▶ [DATA RECORDS]:
Start of Block
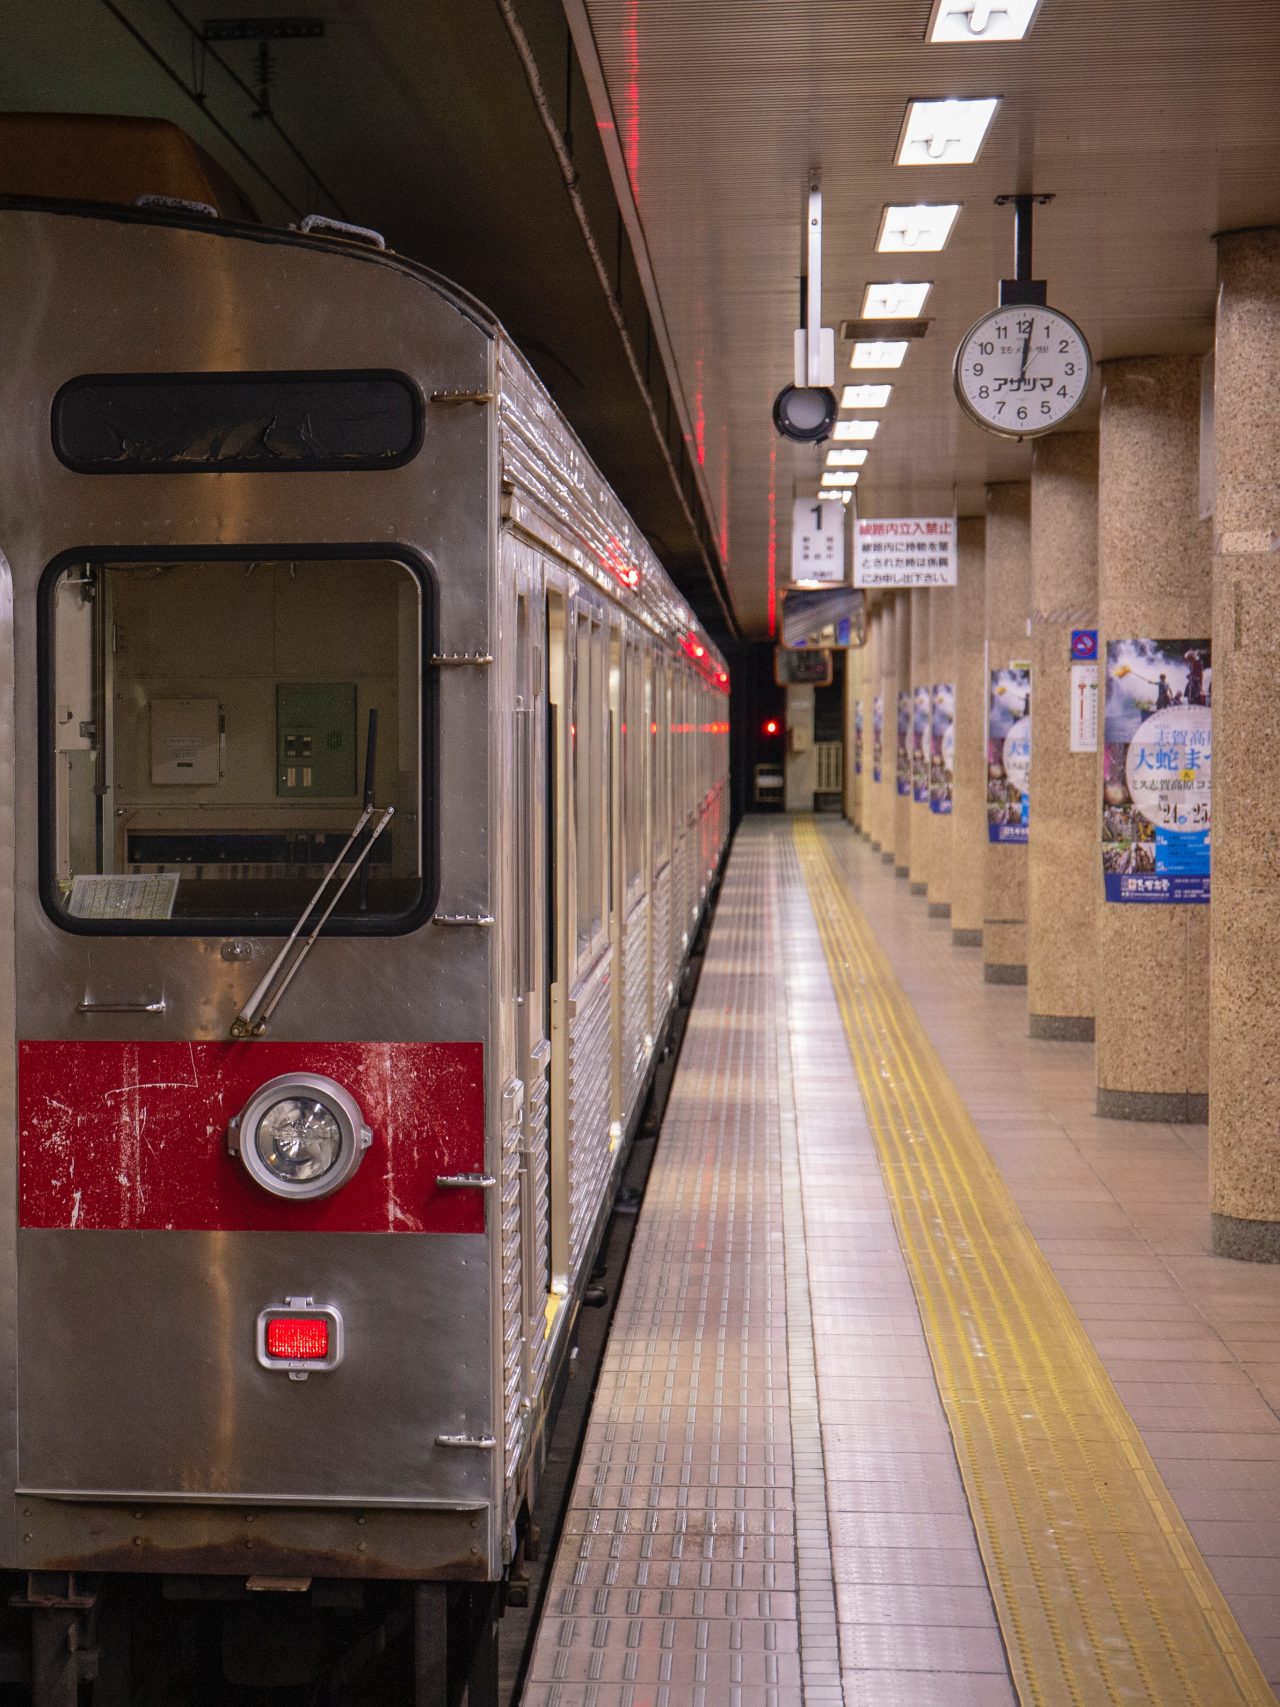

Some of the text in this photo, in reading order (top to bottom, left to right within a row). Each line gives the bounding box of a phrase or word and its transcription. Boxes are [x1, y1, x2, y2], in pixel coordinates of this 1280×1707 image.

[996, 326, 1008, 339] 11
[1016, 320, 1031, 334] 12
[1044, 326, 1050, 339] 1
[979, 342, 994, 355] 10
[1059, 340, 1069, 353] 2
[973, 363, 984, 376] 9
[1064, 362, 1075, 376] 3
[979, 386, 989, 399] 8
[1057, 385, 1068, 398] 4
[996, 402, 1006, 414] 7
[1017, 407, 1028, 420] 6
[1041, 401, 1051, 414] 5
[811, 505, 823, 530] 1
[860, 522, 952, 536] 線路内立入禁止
End of Block
▶ [TO DO]: Retype the material in full, exactly as written, and exclude the pictures.

▶ [WRITTEN SOLUTION]:
Some of the text in this photo, in reading order (top to bottom, left to right within a row). Each line gives the bounding box of a phrase or word and its transcription. Boxes are [x1, y1, x2, y2], in pixel coordinates of this 1280×1707 image.

[996, 326, 1008, 339] 11
[1016, 320, 1031, 334] 12
[1044, 326, 1050, 339] 1
[979, 342, 994, 355] 10
[1059, 340, 1069, 353] 2
[973, 363, 984, 376] 9
[1064, 362, 1075, 376] 3
[979, 386, 989, 399] 8
[1057, 385, 1068, 398] 4
[996, 402, 1006, 414] 7
[1017, 407, 1028, 420] 6
[1041, 401, 1051, 414] 5
[811, 505, 823, 530] 1
[860, 522, 952, 536] 線路内立入禁止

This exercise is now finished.